(Images for object localization)
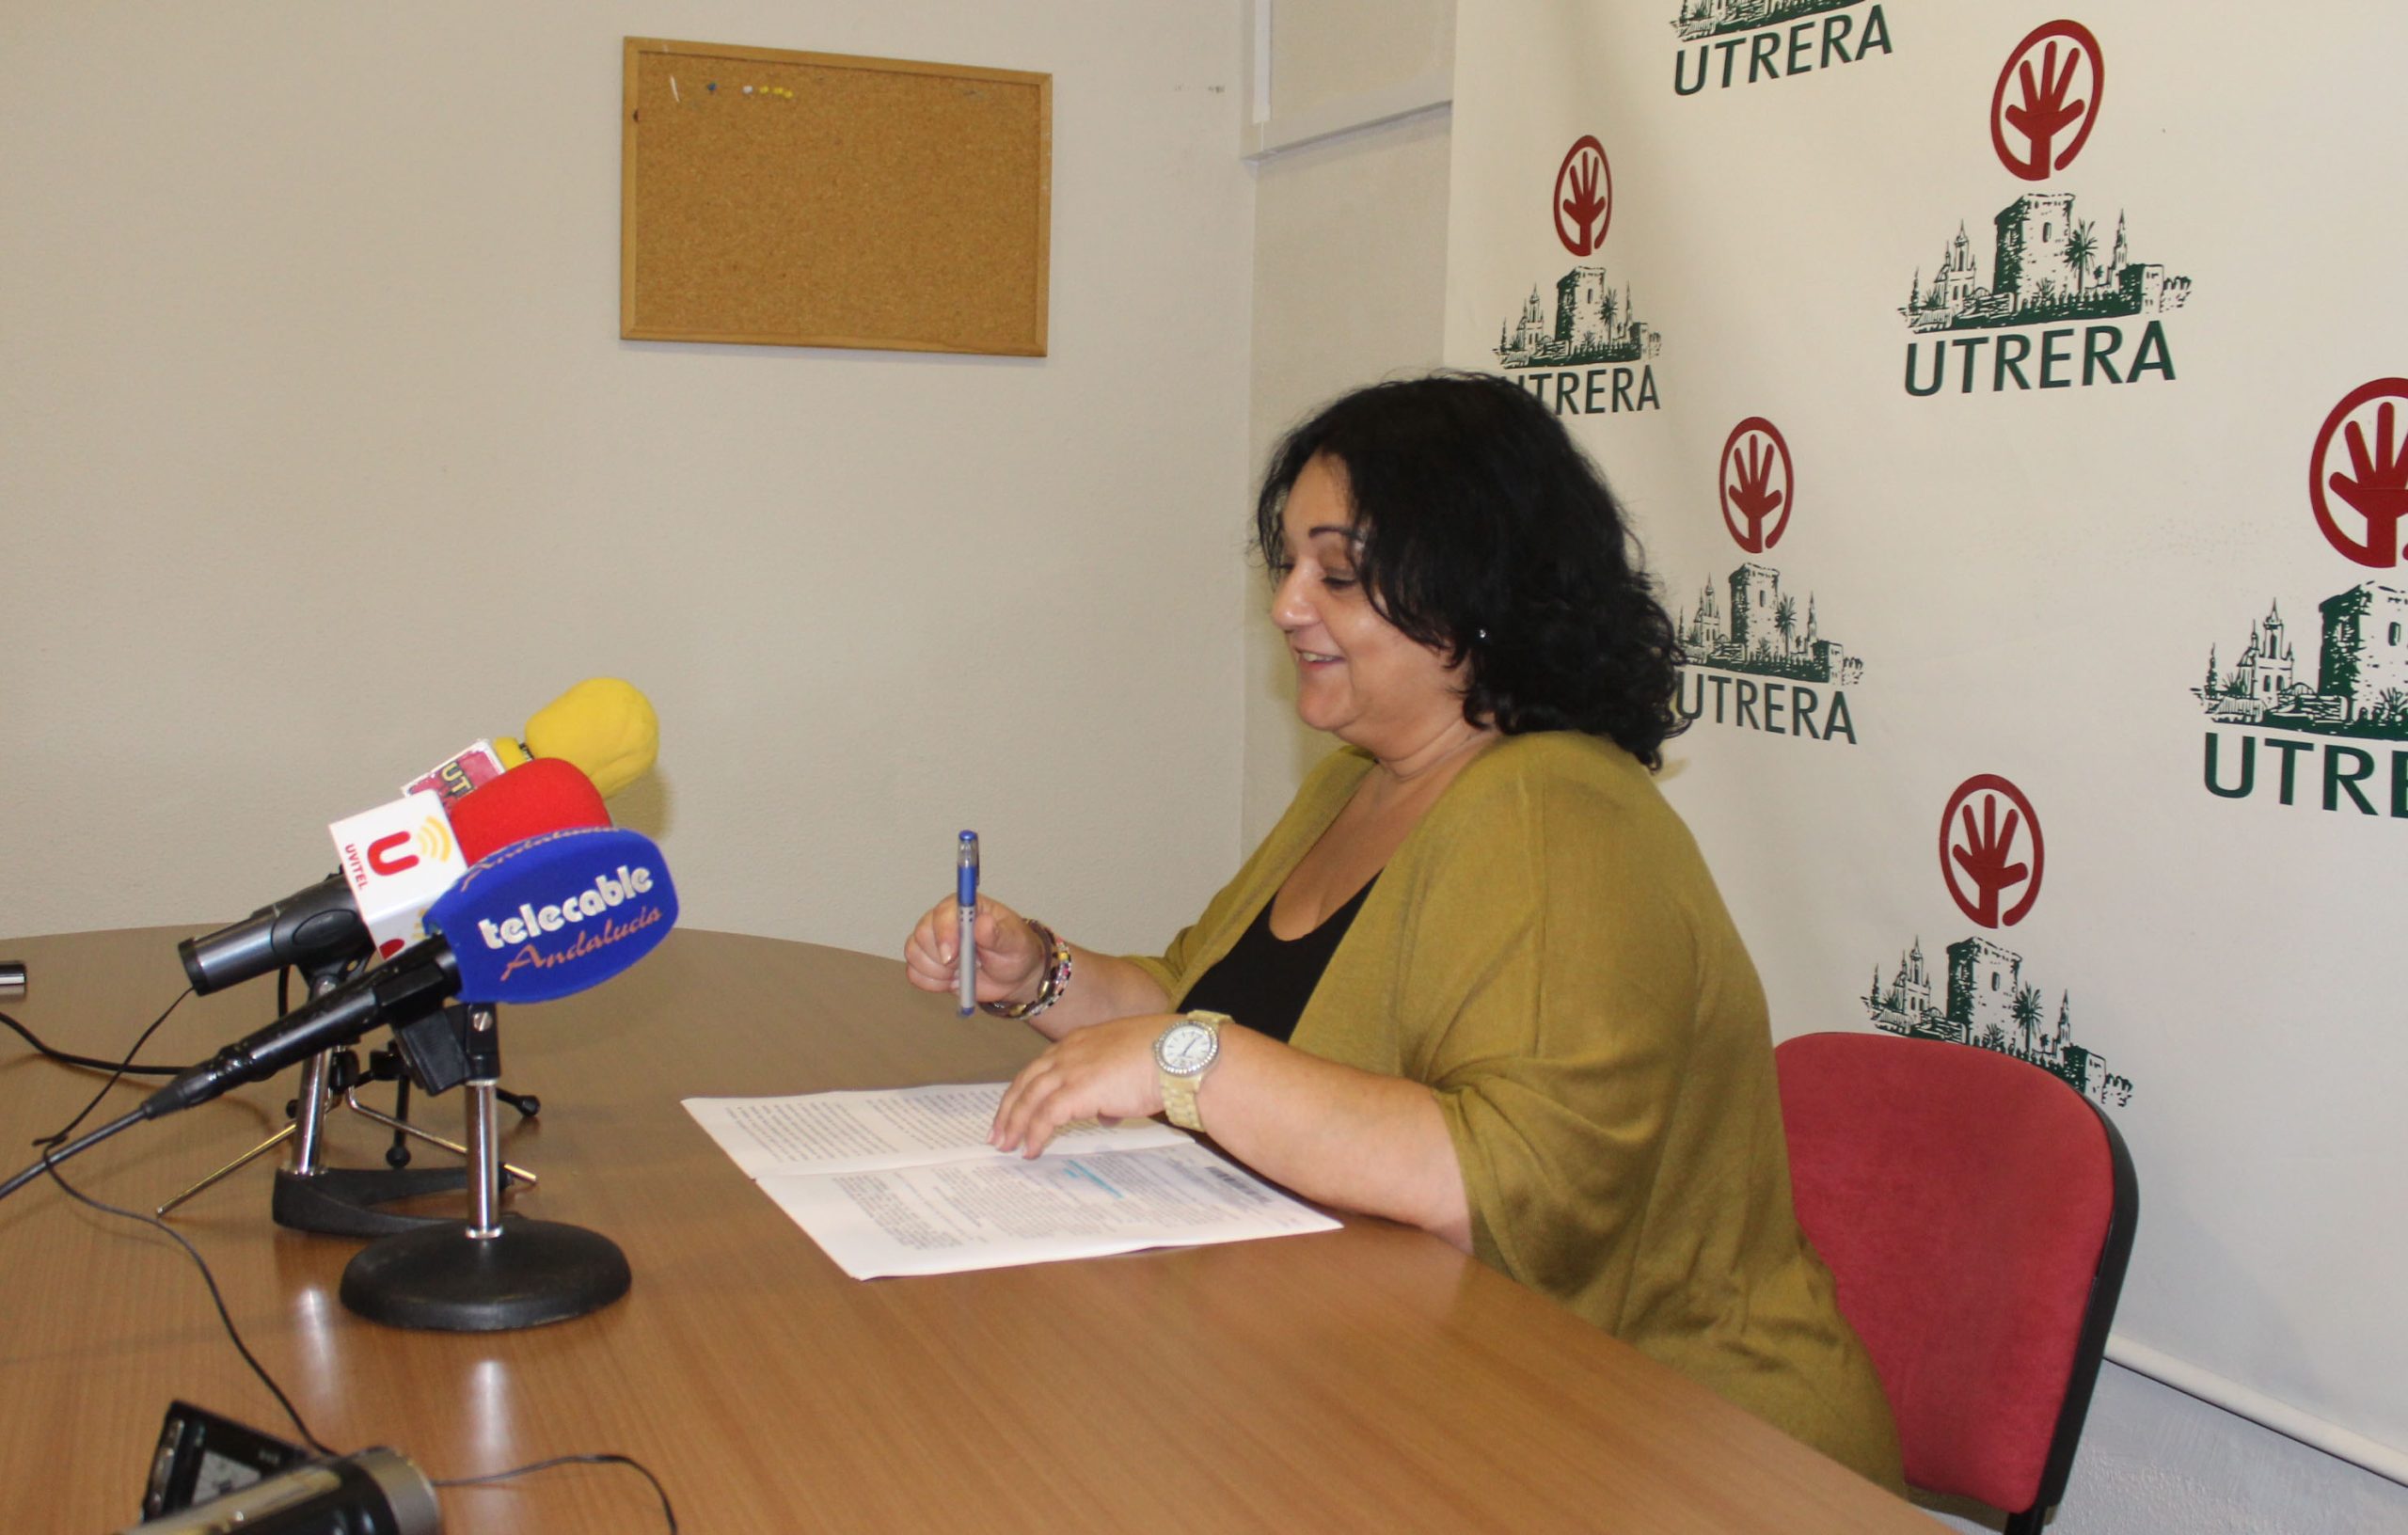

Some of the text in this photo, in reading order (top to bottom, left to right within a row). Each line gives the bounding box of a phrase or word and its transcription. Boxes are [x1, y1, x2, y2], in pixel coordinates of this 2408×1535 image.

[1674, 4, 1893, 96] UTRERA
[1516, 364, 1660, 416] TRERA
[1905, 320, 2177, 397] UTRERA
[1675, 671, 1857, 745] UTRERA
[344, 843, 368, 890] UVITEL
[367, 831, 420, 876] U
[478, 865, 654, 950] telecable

Exercise description:
The entries above are to be retyped exactly, with each picture left out.

Solution below:
Some of the text in this photo, in reading order (top to bottom, left to right within a row). Each line gives the bounding box of a phrase or word and its transcription. Boxes are [x1, y1, x2, y2], in pixel coordinates of this 2408×1535 image.

[1674, 4, 1893, 96] UTRERA
[1516, 364, 1660, 416] TRERA
[1905, 320, 2177, 397] UTRERA
[1675, 671, 1857, 745] UTRERA
[344, 843, 368, 890] UVITEL
[367, 831, 420, 876] U
[478, 865, 654, 950] telecable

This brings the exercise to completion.